75 So. 2d 802 | Fla. | 1954

TERRELL, Justice.

Bonita Springs is a small community 22 miles south of Fort Myers, served by the Atlantic Coast Line Railroad Company, one train every day each way. The northbound train for Fort Myers leaves Bonita Springs at 2:40 P.M. Defendant, appellee, operates an express business over the Atlantic Coast Line Railroad Company and other railroad lines throughout the country. Its agent at Bonita Springs was Evelyn Whidden who worked part-time and received a commission of ten percent on all express shipments as her compensation. She had no- expense account or allowances. The depot at Bonita Springs was an open platform with an enclosed room for an office.

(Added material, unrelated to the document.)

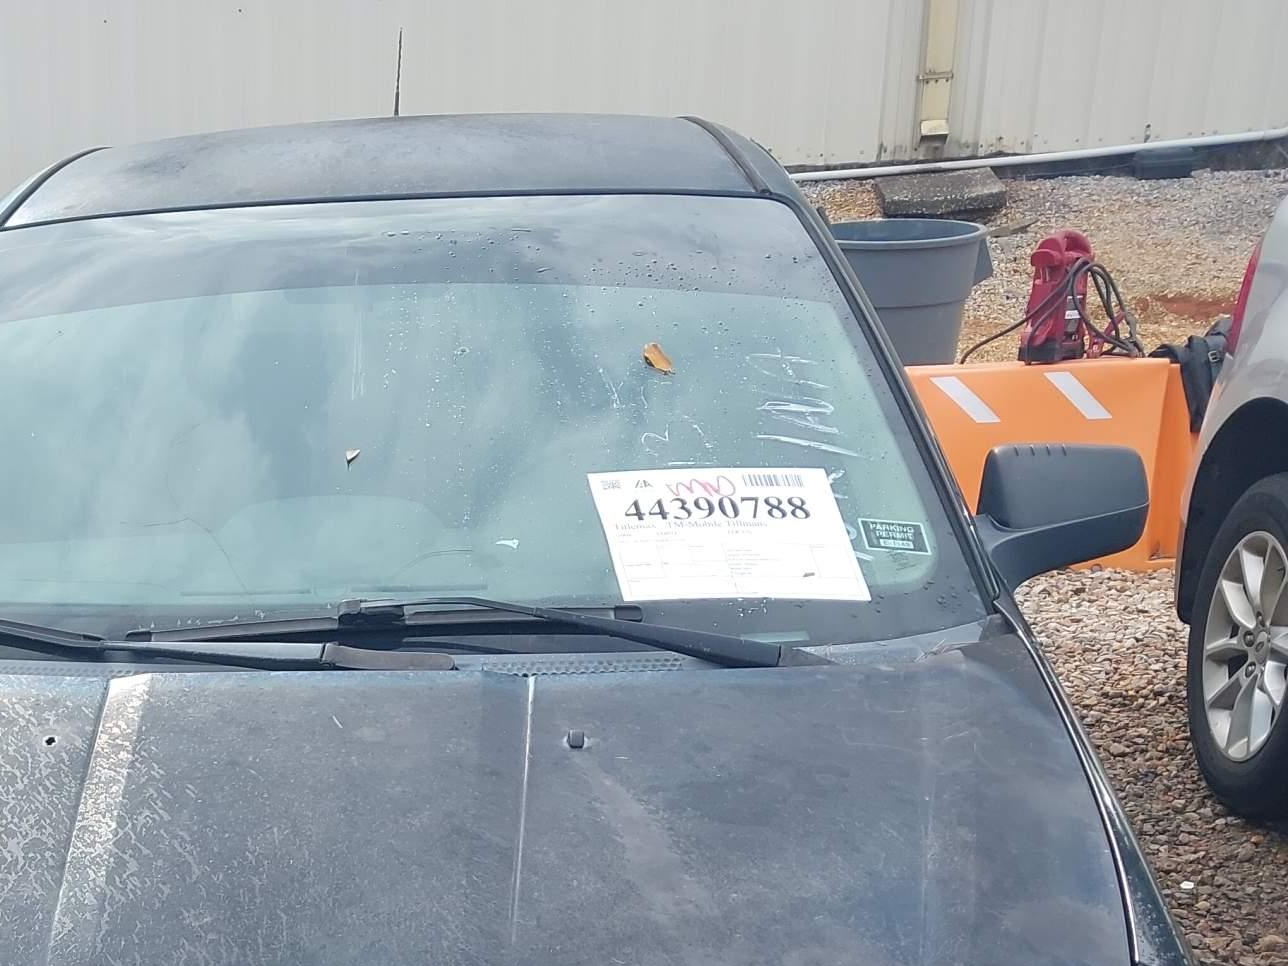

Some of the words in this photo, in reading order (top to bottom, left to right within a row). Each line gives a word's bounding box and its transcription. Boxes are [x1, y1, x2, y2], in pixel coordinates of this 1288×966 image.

[624, 496, 811, 521] 44390788
[869, 522, 915, 533] PARKING
[875, 530, 915, 540] PERMIT

On Saturday, December 6, 1952, when Evelyn Whidden arrived at the depot in the afternoon she found approximately 45 baskets of oranges’ on the platform, the train for Fort Myers had passed and rather than let the fruit remain on the open plat*803form over the week-end she secured a man named Fagan to haul it by truck to Fort Myers. On the way to Fort Myers an accident occurred in which appellant was injured. She brought this action against ap-pellee and others to recover damages for personal injuries, relying on the doctrine of respondeat superior. A motion to dismiss the amended complaint was overruled and the case was set for trial on a day certain hut prior thereto defendant moved for summary final judgment. Evidence was taken and counter affidavits were filed by the plaintiff. The court indicated its purpose to grant the motion for summary final judgment and plaintiff took a non-suit. This appeal is from the order granting the non-suit.

The point for determination is whether or not Fagan, the driver of the truck who conveyed the fruit from Bonita Springs to Fort Myers, was an agent of defendant, Railway Express Agency, Inc.

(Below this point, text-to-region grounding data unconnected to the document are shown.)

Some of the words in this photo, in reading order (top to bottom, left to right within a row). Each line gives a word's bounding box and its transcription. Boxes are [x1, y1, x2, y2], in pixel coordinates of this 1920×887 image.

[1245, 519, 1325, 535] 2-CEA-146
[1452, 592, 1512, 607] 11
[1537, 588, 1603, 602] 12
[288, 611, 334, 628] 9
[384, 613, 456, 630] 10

The answer to this question turns on whether or not Evelyn Whidden was authorized to employ Fagan to convey the fruit to Fort Myers by truck. Appellant contends that the Saturday train for Fort Myers having passed and there being no other train till Monday afternoon, the fruit would deteriorate to such an extent that an emergency was created which authorized her to secure someone to convey the fruit to Fort Myers. 35 Am.Jur. 987, Stinson v. Prevatt, 84 Fla. 416, 94 So. 656, and Weiss v. Jacobson, Fla., 62 So.2d 904, are relied on to support this contention.

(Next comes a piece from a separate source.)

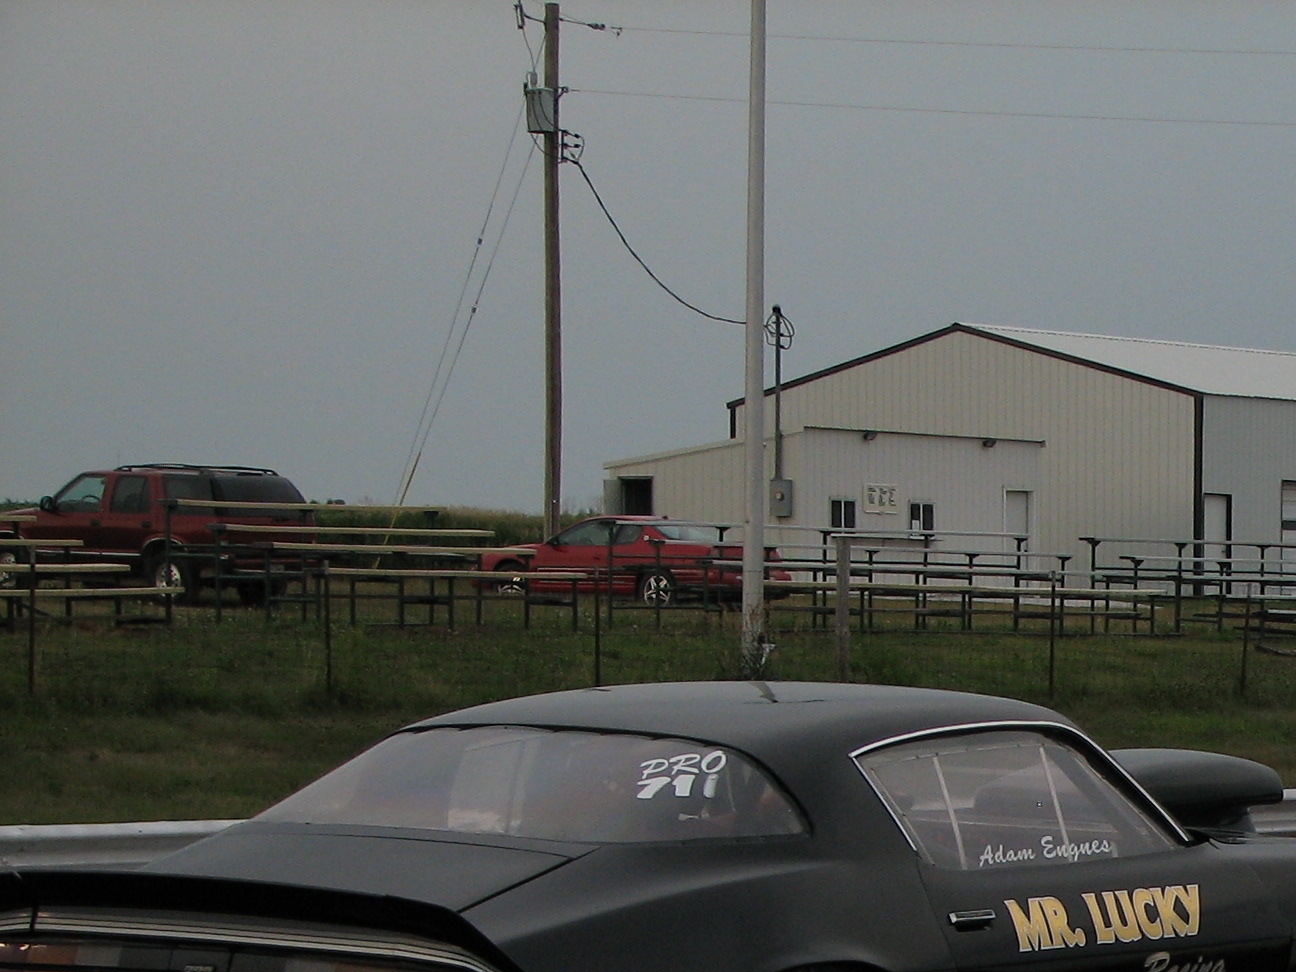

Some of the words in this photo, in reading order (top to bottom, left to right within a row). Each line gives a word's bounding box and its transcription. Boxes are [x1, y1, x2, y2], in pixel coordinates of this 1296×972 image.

[640, 750, 727, 779] PRO
[979, 844, 1036, 867] Adam
[1003, 895, 1087, 953] MR.
[1081, 883, 1200, 946] LUCKY

Evelyn Whidden was not a full-time employee of appellee but was employed on a commission basis to receive and dispatch the express at Bonita Springs and when not so engaged she was free to engage in other activities. She had no warrant from her principal to employ. Fagan, she never employed him before or after the time he was employed in this case, her principal had no authority over his conduct, did not pay him, he was paid by Evelyn Whidden. She is to be commended for her diligence in looking after the interest of her employer but that alone does not require her employer to respond for injury resulting from her employment. The evidence fails to show that Fagan was the agent or employee of defendant, not only that it fails to show any issue on the point that should have gone to a jury or that there was any basis in law to hold the express company liable.

The following cases foreclose the question against appellant: Gulf Refining Co. v. Wilkinson, 94 Fla. 664, 114 So. 503; Texas Co. v. Brice, 6 Cir., 26 F.2d 164; Motor Terminal & Transportation Co. v. Simmons, 28 Ala.App. 190, 180 So. 597; Parker v. Film Transit Co., 194 Miss. 542, 13 So.2d 159. The judgment is affirmed.

Affirmed.

ROBERTS, C. J., and SEBRING and MATHEWS, JJ., concur.